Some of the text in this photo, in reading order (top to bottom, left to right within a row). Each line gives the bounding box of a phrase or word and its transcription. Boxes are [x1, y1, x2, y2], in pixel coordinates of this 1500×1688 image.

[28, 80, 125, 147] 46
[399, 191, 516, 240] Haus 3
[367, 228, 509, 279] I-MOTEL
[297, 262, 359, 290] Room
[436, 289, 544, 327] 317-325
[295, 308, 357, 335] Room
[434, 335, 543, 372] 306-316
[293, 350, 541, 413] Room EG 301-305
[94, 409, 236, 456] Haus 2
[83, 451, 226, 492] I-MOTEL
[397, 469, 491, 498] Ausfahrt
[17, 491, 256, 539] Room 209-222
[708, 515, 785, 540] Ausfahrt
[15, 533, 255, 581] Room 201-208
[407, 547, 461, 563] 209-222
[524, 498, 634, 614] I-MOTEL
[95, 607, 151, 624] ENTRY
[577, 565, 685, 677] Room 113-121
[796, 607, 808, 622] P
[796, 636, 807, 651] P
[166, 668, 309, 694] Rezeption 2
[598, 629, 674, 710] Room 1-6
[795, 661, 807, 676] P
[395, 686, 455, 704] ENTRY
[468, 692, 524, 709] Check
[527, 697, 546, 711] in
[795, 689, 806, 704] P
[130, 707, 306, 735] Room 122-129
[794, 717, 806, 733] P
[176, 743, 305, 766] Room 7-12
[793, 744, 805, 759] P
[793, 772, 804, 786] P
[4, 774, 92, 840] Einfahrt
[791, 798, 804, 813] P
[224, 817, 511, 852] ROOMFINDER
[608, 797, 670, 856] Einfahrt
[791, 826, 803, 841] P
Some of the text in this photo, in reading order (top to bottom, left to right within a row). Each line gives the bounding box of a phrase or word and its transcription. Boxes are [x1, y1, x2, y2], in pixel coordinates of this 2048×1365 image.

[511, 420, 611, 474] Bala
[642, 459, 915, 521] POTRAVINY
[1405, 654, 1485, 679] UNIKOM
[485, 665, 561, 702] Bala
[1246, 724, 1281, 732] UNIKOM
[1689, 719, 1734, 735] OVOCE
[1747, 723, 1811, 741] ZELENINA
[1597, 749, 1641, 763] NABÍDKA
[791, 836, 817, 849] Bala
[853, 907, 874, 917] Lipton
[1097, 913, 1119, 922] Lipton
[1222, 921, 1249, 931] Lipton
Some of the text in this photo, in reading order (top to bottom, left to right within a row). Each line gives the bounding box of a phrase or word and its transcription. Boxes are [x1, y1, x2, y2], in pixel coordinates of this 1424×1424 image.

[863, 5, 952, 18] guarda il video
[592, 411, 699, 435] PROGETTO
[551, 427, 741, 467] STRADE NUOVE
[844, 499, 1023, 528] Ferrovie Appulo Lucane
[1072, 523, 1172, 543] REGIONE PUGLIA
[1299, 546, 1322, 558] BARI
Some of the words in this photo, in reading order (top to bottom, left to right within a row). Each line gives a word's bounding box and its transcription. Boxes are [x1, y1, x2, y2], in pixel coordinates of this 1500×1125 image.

_____

**Task statement:** Repeat, word for word, all the lines above.

**Answer space:**
Some of the text in this photo, in reading order (top to bottom, left to right within a row). Each line gives the bounding box of a phrase or word and its transcription. Boxes are [x1, y1, x2, y2], in pixel coordinates of this 1500×1688 image.

[28, 80, 125, 147] 46
[399, 191, 516, 240] Haus 3
[367, 228, 509, 279] I-MOTEL
[297, 262, 359, 290] Room
[436, 289, 544, 327] 317-325
[295, 308, 357, 335] Room
[434, 335, 543, 372] 306-316
[293, 350, 541, 413] Room EG 301-305
[94, 409, 236, 456] Haus 2
[83, 451, 226, 492] I-MOTEL
[397, 469, 491, 498] Ausfahrt
[17, 491, 256, 539] Room 209-222
[708, 515, 785, 540] Ausfahrt
[15, 533, 255, 581] Room 201-208
[407, 547, 461, 563] 209-222
[524, 498, 634, 614] I-MOTEL
[95, 607, 151, 624] ENTRY
[577, 565, 685, 677] Room 113-121
[796, 607, 808, 622] P
[796, 636, 807, 651] P
[166, 668, 309, 694] Rezeption 2
[598, 629, 674, 710] Room 1-6
[795, 661, 807, 676] P
[395, 686, 455, 704] ENTRY
[468, 692, 524, 709] Check
[527, 697, 546, 711] in
[795, 689, 806, 704] P
[130, 707, 306, 735] Room 122-129
[794, 717, 806, 733] P
[176, 743, 305, 766] Room 7-12
[793, 744, 805, 759] P
[793, 772, 804, 786] P
[4, 774, 92, 840] Einfahrt
[791, 798, 804, 813] P
[224, 817, 511, 852] ROOMFINDER
[608, 797, 670, 856] Einfahrt
[791, 826, 803, 841] P
Some of the text in this photo, in reading order (top to bottom, left to right within a row). Each line gives the bounding box of a phrase or word and its transcription. Boxes are [x1, y1, x2, y2], in pixel coordinates of this 2048×1365 image.

[511, 420, 611, 474] Bala
[642, 459, 915, 521] POTRAVINY
[1405, 654, 1485, 679] UNIKOM
[485, 665, 561, 702] Bala
[1246, 724, 1281, 732] UNIKOM
[1689, 719, 1734, 735] OVOCE
[1747, 723, 1811, 741] ZELENINA
[1597, 749, 1641, 763] NABÍDKA
[791, 836, 817, 849] Bala
[853, 907, 874, 917] Lipton
[1097, 913, 1119, 922] Lipton
[1222, 921, 1249, 931] Lipton
Some of the text in this photo, in reading order (top to bottom, left to right within a row). Each line gives the bounding box of a phrase or word and its transcription. Boxes are [x1, y1, x2, y2], in pixel coordinates of this 1424×1424 image.

[863, 5, 952, 18] guarda il video
[592, 411, 699, 435] PROGETTO
[551, 427, 741, 467] STRADE NUOVE
[844, 499, 1023, 528] Ferrovie Appulo Lucane
[1072, 523, 1172, 543] REGIONE PUGLIA
[1299, 546, 1322, 558] BARI
Some of the words in this photo, in reading order (top to bottom, left to right within a row). Each line gives a word's bounding box and its transcription. Boxes are [x1, y1, x2, y2], in pixel coordinates of this 1500×1125 image.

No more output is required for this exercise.